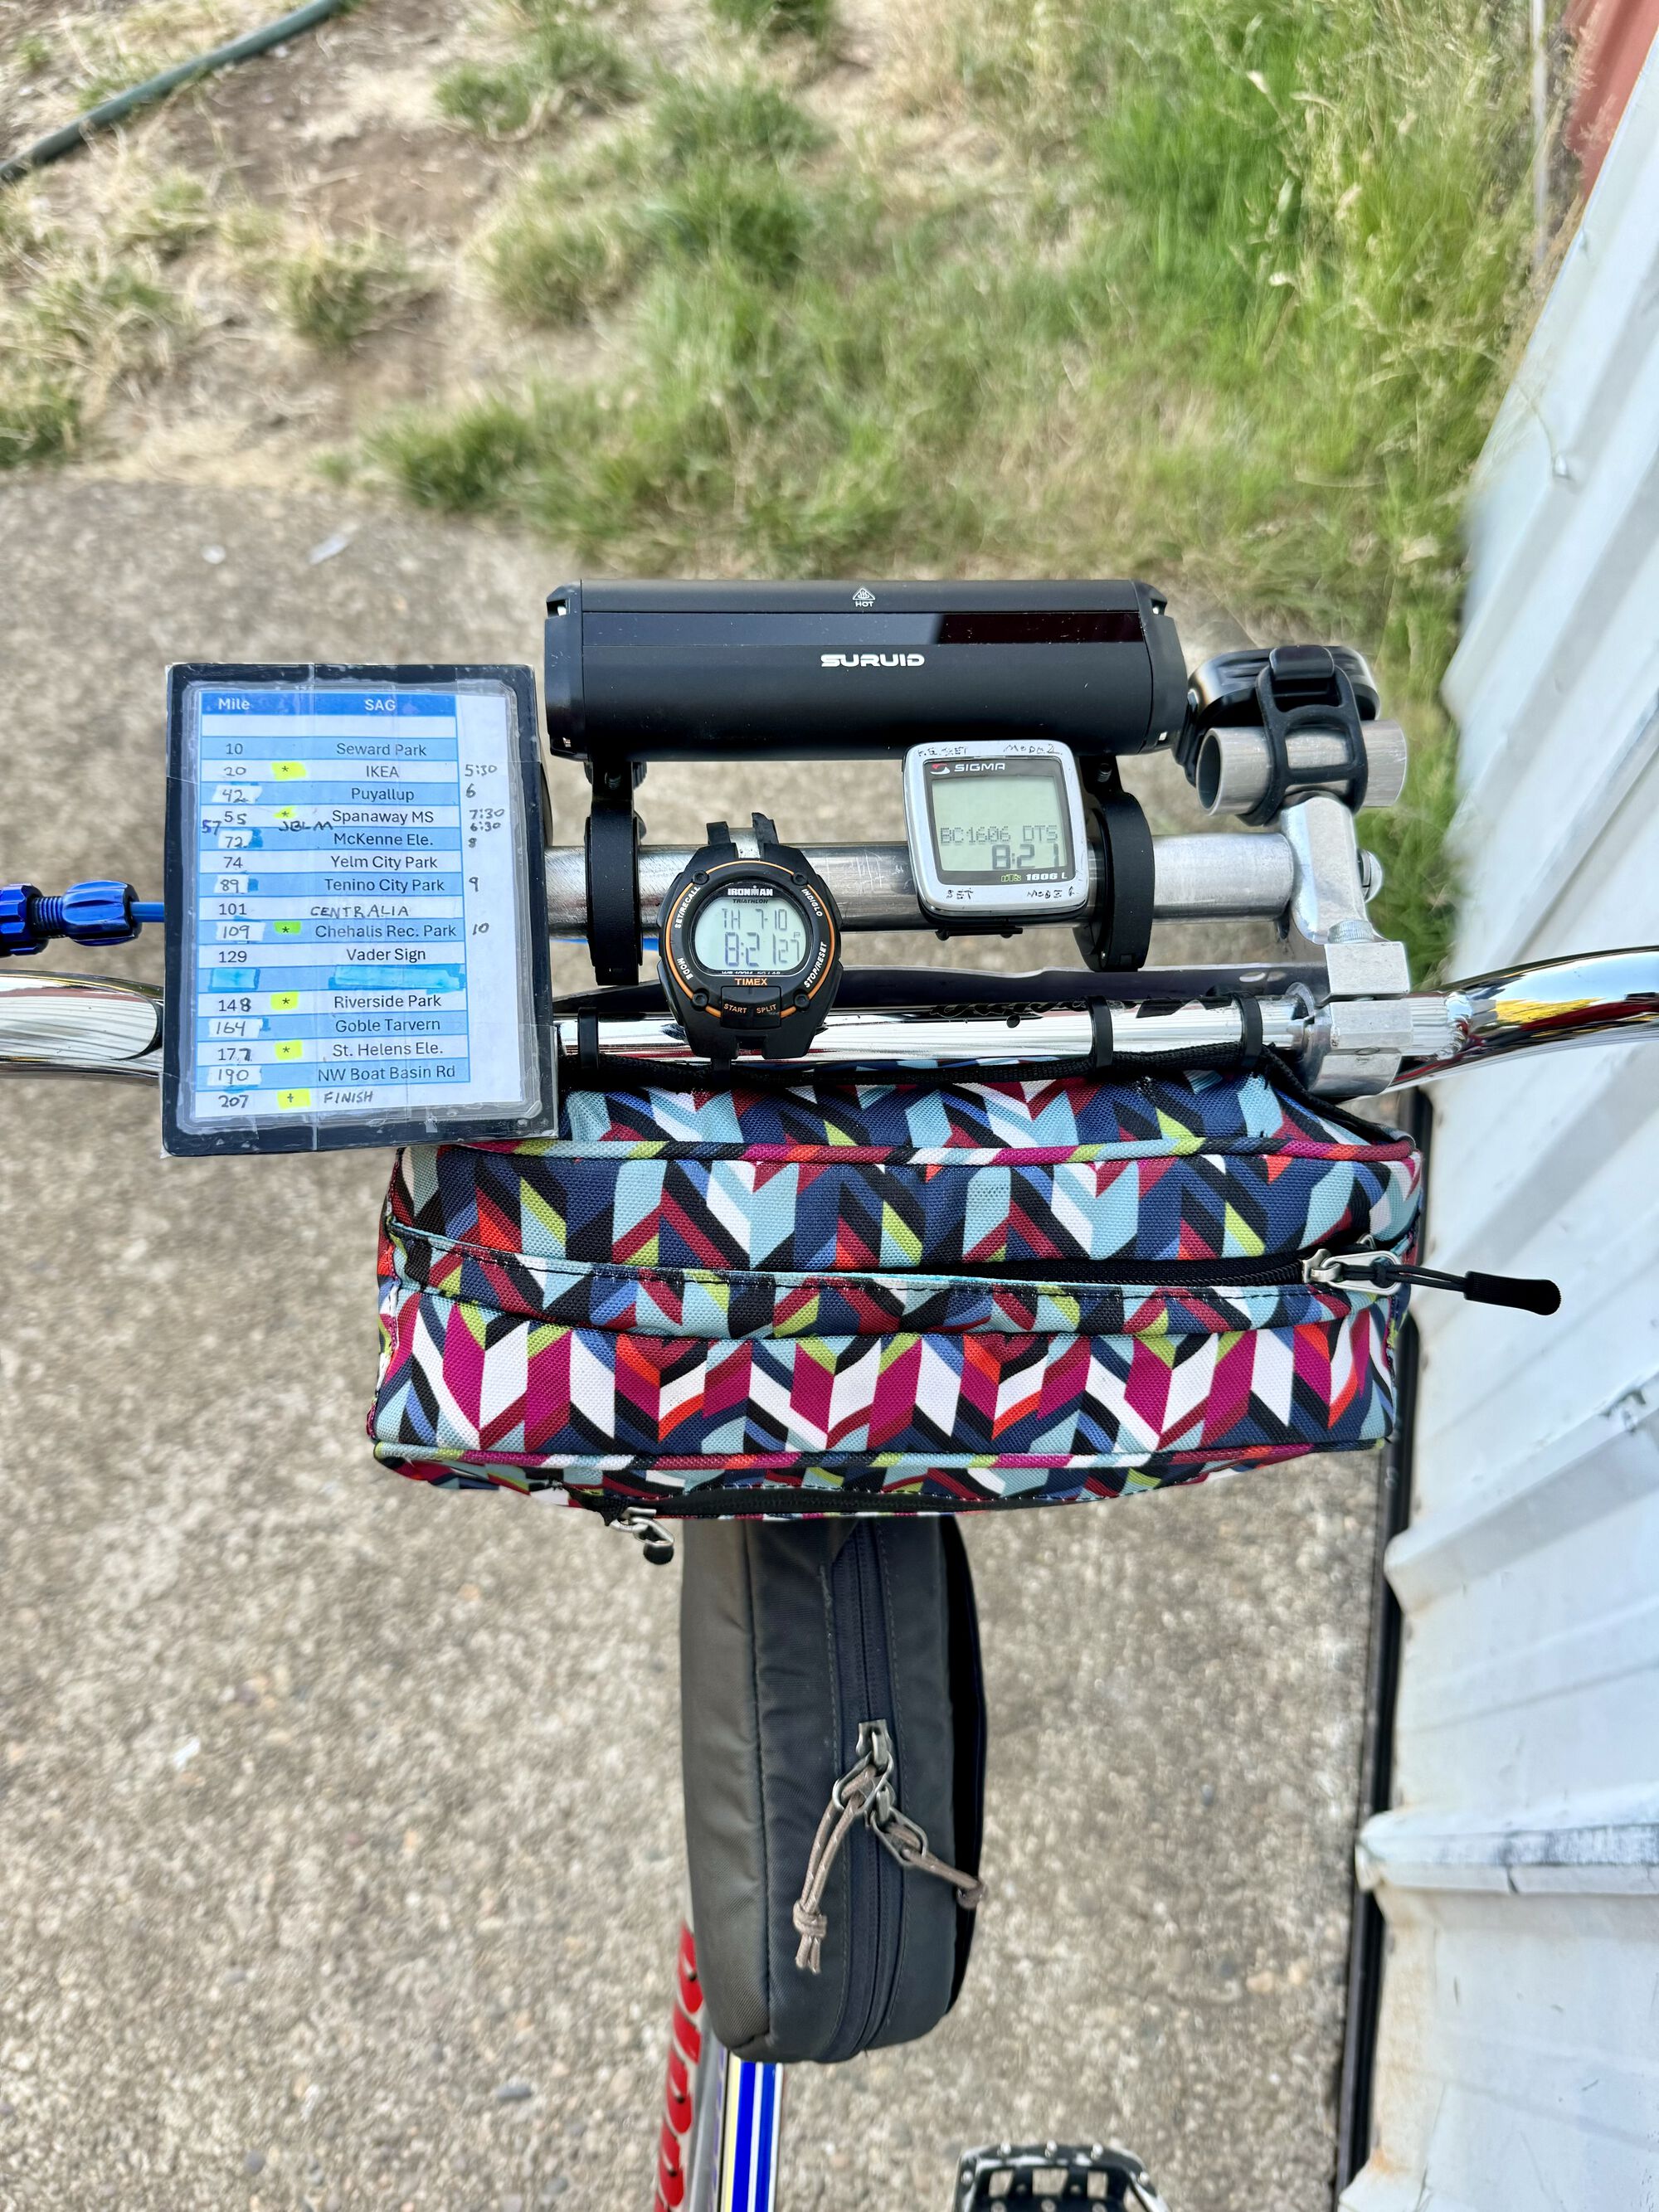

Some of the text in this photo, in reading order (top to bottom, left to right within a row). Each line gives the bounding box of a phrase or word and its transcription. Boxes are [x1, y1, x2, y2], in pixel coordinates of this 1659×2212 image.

[820, 654, 925, 668] SURUID
[218, 698, 250, 710] Mile
[365, 698, 397, 712] SAG
[226, 743, 243, 755] 10
[337, 742, 427, 756] Seward Park
[224, 766, 246, 776] 20
[366, 765, 400, 778] IKEA
[465, 764, 498, 776] 5:30
[954, 763, 1005, 772] SIGMA
[222, 789, 248, 803] 42
[352, 787, 415, 803] Puyallup
[465, 783, 476, 798] 6
[224, 810, 247, 824] 55
[332, 809, 434, 825] Spanaway MS
[469, 808, 504, 819] 7:30
[202, 819, 221, 835] 57
[469, 821, 501, 832] 6:30
[1023, 824, 1058, 842] DTS
[333, 833, 433, 846] McKenne Ele.
[468, 837, 477, 848] 8
[223, 857, 243, 868] 74
[331, 855, 438, 870] Yelm City Park
[991, 843, 1059, 871] 8:21
[220, 879, 239, 893] 89
[324, 878, 445, 893] Tenino City Park
[469, 876, 479, 892] 9
[727, 886, 773, 896] IRONMAN
[219, 903, 247, 915] 101
[674, 886, 701, 929] SET/RECALL
[801, 888, 823, 917] INDIGLO
[310, 904, 409, 919] CENTRALIA
[721, 908, 741, 930] TH
[223, 925, 250, 939] 109
[315, 925, 456, 938] Chehalis Rec. Park
[472, 922, 489, 936] 10
[219, 950, 247, 963] 129
[347, 948, 426, 963] Vader Sign
[677, 957, 693, 980] MODE
[804, 941, 827, 988] STOP/RESET
[218, 997, 251, 1012] 148
[333, 994, 442, 1009] Riverside Park
[723, 1003, 776, 1014] START SPLIT
[216, 1020, 246, 1037] 164
[335, 1018, 440, 1033] Goble Tarvern
[333, 1042, 443, 1057] St. Helens Ele.
[218, 1068, 249, 1085] 190
[318, 1065, 455, 1082] NW Boat Basin Rd
[218, 1094, 249, 1108] 207
[324, 1091, 373, 1104] FINISH

________

Would you output the data above exactly as written, but with no images?

§ **Answer to this task**
Some of the text in this photo, in reading order (top to bottom, left to right within a row). Each line gives the bounding box of a phrase or word and its transcription. Boxes are [x1, y1, x2, y2], in pixel coordinates of this 1659×2212 image.

[820, 654, 925, 668] SURUID
[218, 698, 250, 710] Mile
[365, 698, 397, 712] SAG
[226, 743, 243, 755] 10
[337, 742, 427, 756] Seward Park
[224, 766, 246, 776] 20
[366, 765, 400, 778] IKEA
[465, 764, 498, 776] 5:30
[954, 763, 1005, 772] SIGMA
[222, 789, 248, 803] 42
[352, 787, 415, 803] Puyallup
[465, 783, 476, 798] 6
[224, 810, 247, 824] 55
[332, 809, 434, 825] Spanaway MS
[469, 808, 504, 819] 7:30
[202, 819, 221, 835] 57
[469, 821, 501, 832] 6:30
[1023, 824, 1058, 842] DTS
[333, 833, 433, 846] McKenne Ele.
[468, 837, 477, 848] 8
[223, 857, 243, 868] 74
[331, 855, 438, 870] Yelm City Park
[991, 843, 1059, 871] 8:21
[220, 879, 239, 893] 89
[324, 878, 445, 893] Tenino City Park
[469, 876, 479, 892] 9
[727, 886, 773, 896] IRONMAN
[219, 903, 247, 915] 101
[674, 886, 701, 929] SET/RECALL
[801, 888, 823, 917] INDIGLO
[310, 904, 409, 919] CENTRALIA
[721, 908, 741, 930] TH
[223, 925, 250, 939] 109
[315, 925, 456, 938] Chehalis Rec. Park
[472, 922, 489, 936] 10
[219, 950, 247, 963] 129
[347, 948, 426, 963] Vader Sign
[677, 957, 693, 980] MODE
[804, 941, 827, 988] STOP/RESET
[218, 997, 251, 1012] 148
[333, 994, 442, 1009] Riverside Park
[723, 1003, 776, 1014] START SPLIT
[216, 1020, 246, 1037] 164
[335, 1018, 440, 1033] Goble Tarvern
[333, 1042, 443, 1057] St. Helens Ele.
[218, 1068, 249, 1085] 190
[318, 1065, 455, 1082] NW Boat Basin Rd
[218, 1094, 249, 1108] 207
[324, 1091, 373, 1104] FINISH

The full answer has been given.